While you copy the lines below, skip the pictures and keep the rest exact.

*** Opening Dataset excerpts ***

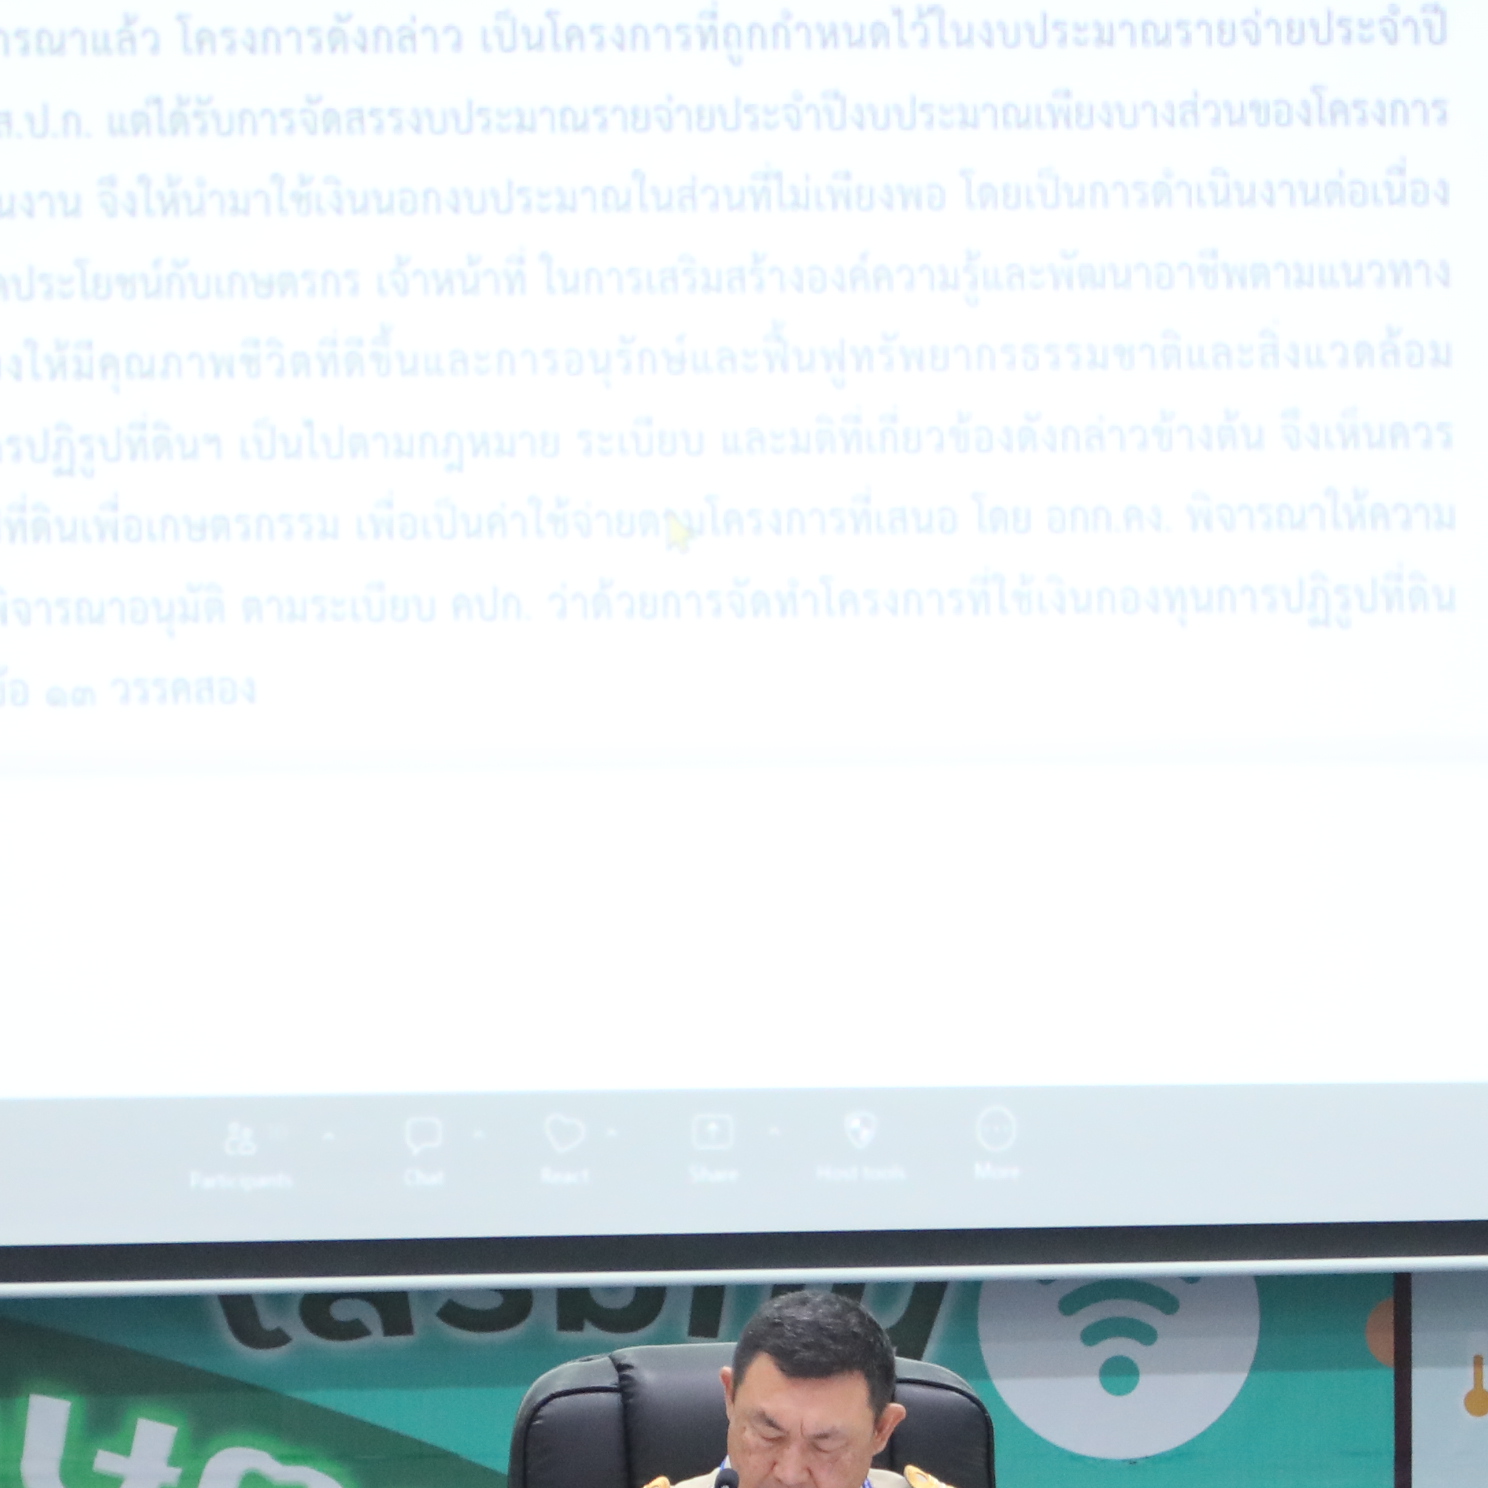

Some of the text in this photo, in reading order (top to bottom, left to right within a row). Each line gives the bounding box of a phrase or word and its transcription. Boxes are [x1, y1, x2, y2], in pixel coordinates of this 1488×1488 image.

[577, 414, 705, 457] ระเบียบ
[971, 491, 1032, 534] โดย
[451, 585, 532, 623] คปก.
[111, 674, 257, 705] วรรคสอง

*** Closing Dataset excerpts ***

[Final answer]
Some of the text in this photo, in reading order (top to bottom, left to right within a row). Each line gives the bounding box of a phrase or word and its transcription. Boxes are [x1, y1, x2, y2], in pixel coordinates of this 1488×1488 image.

[577, 414, 705, 457] ระเบียบ
[971, 491, 1032, 534] โดย
[451, 585, 532, 623] คปก.
[111, 674, 257, 705] วรรคสอง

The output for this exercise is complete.